- ACTIVITY: Each entry below is to be given again word for word, with no pictures.

- DATA:
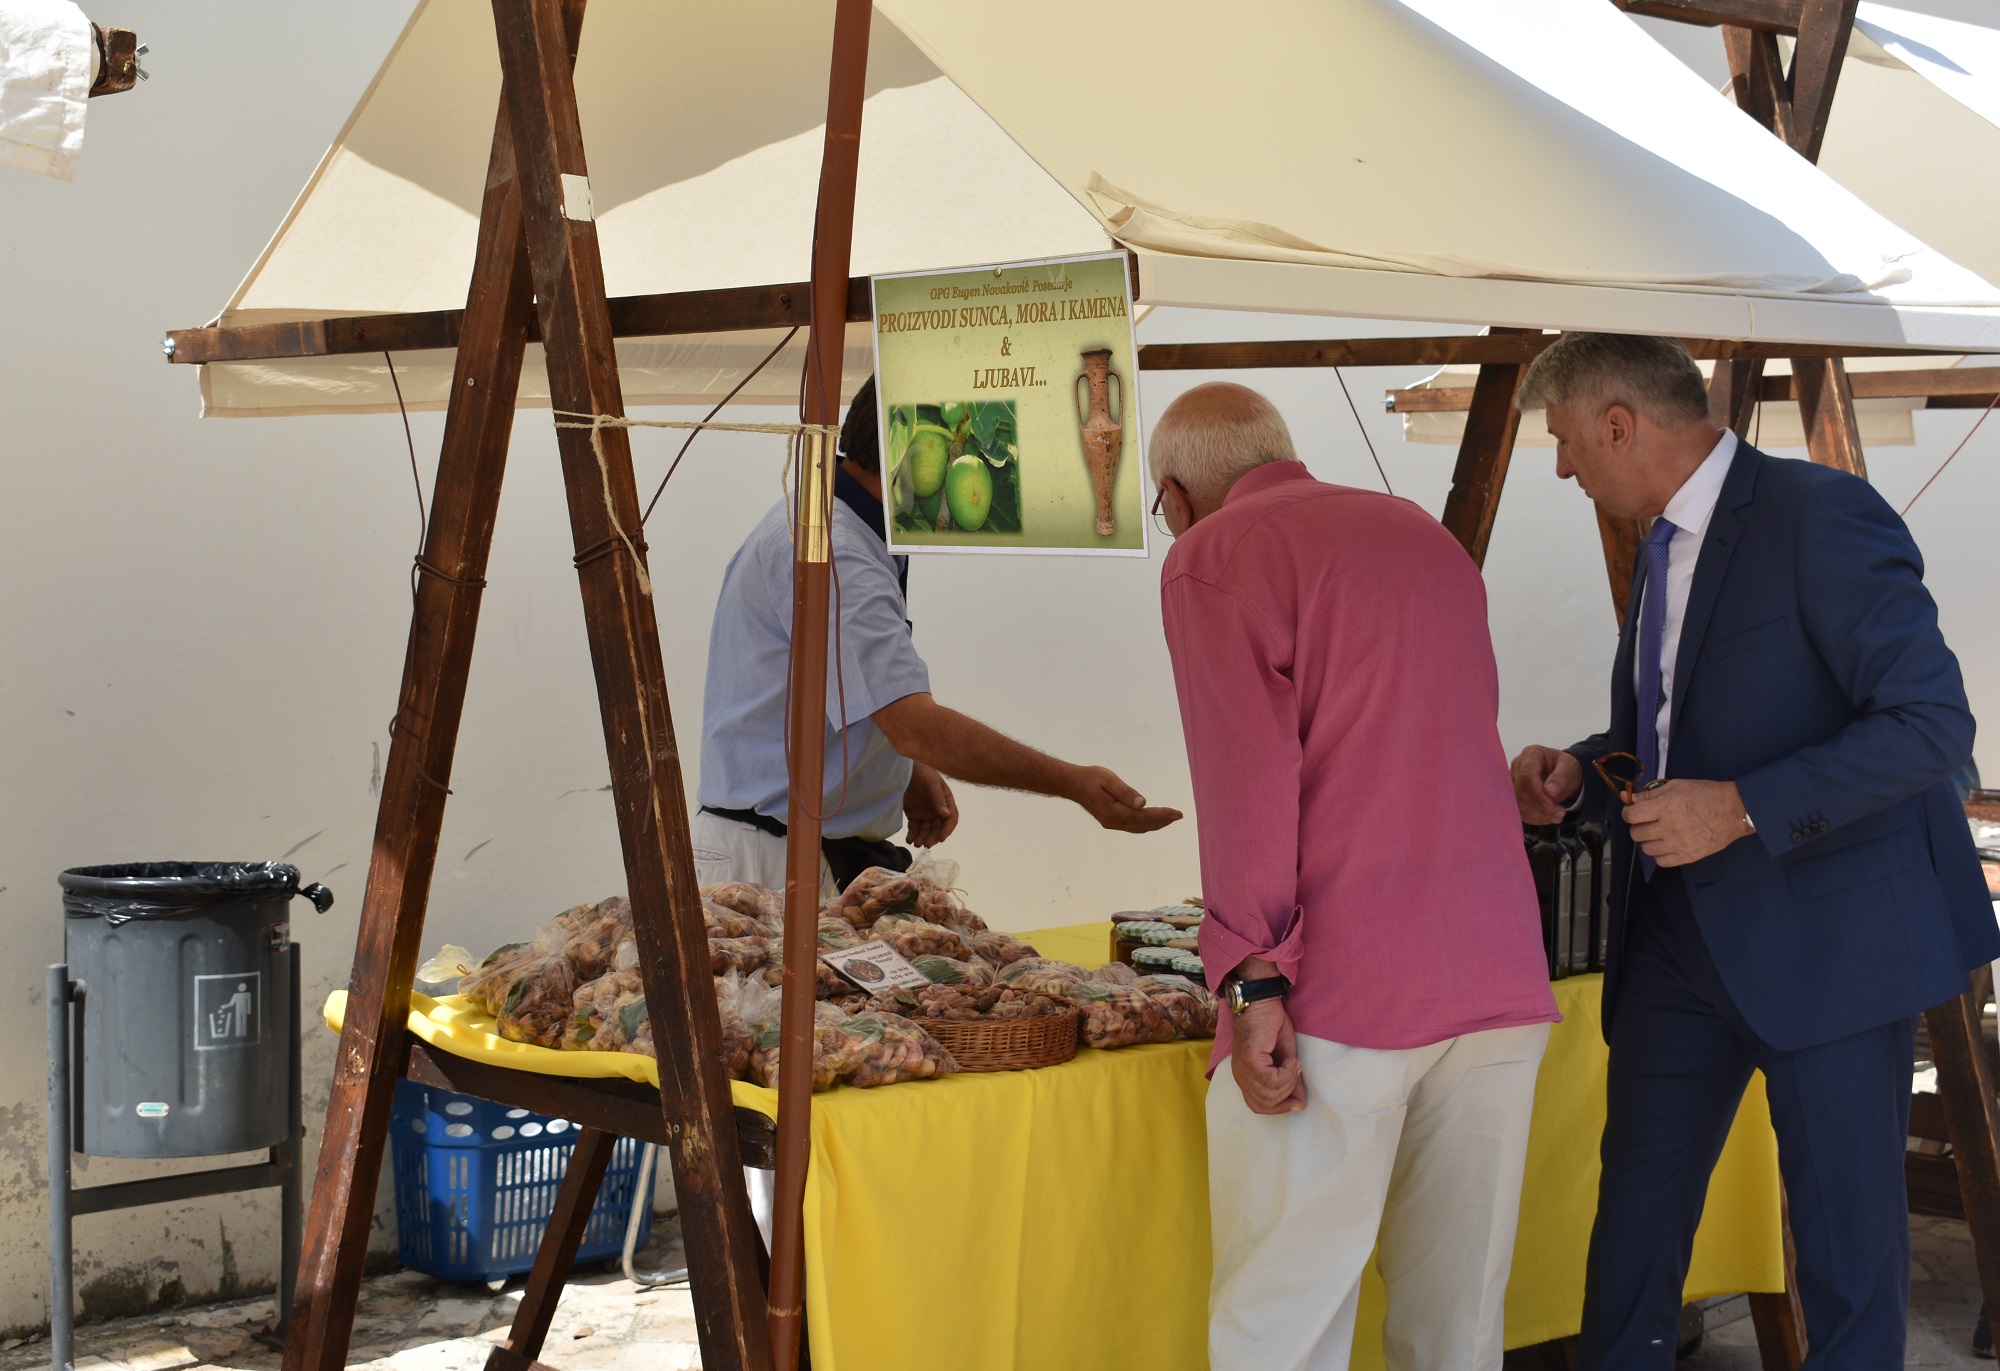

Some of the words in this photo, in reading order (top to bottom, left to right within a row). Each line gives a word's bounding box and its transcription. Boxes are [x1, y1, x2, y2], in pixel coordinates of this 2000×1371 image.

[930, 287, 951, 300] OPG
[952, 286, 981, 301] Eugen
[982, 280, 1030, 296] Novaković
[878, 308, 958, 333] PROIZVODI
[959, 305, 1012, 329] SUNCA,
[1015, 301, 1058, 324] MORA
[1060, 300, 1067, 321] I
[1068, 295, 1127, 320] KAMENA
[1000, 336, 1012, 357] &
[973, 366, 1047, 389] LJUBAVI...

- RESPONSE:
Some of the words in this photo, in reading order (top to bottom, left to right within a row). Each line gives a word's bounding box and its transcription. Boxes are [x1, y1, x2, y2], in pixel coordinates of this 2000×1371 image.

[930, 287, 951, 300] OPG
[952, 286, 981, 301] Eugen
[982, 280, 1030, 296] Novaković
[878, 308, 958, 333] PROIZVODI
[959, 305, 1012, 329] SUNCA,
[1015, 301, 1058, 324] MORA
[1060, 300, 1067, 321] I
[1068, 295, 1127, 320] KAMENA
[1000, 336, 1012, 357] &
[973, 366, 1047, 389] LJUBAVI...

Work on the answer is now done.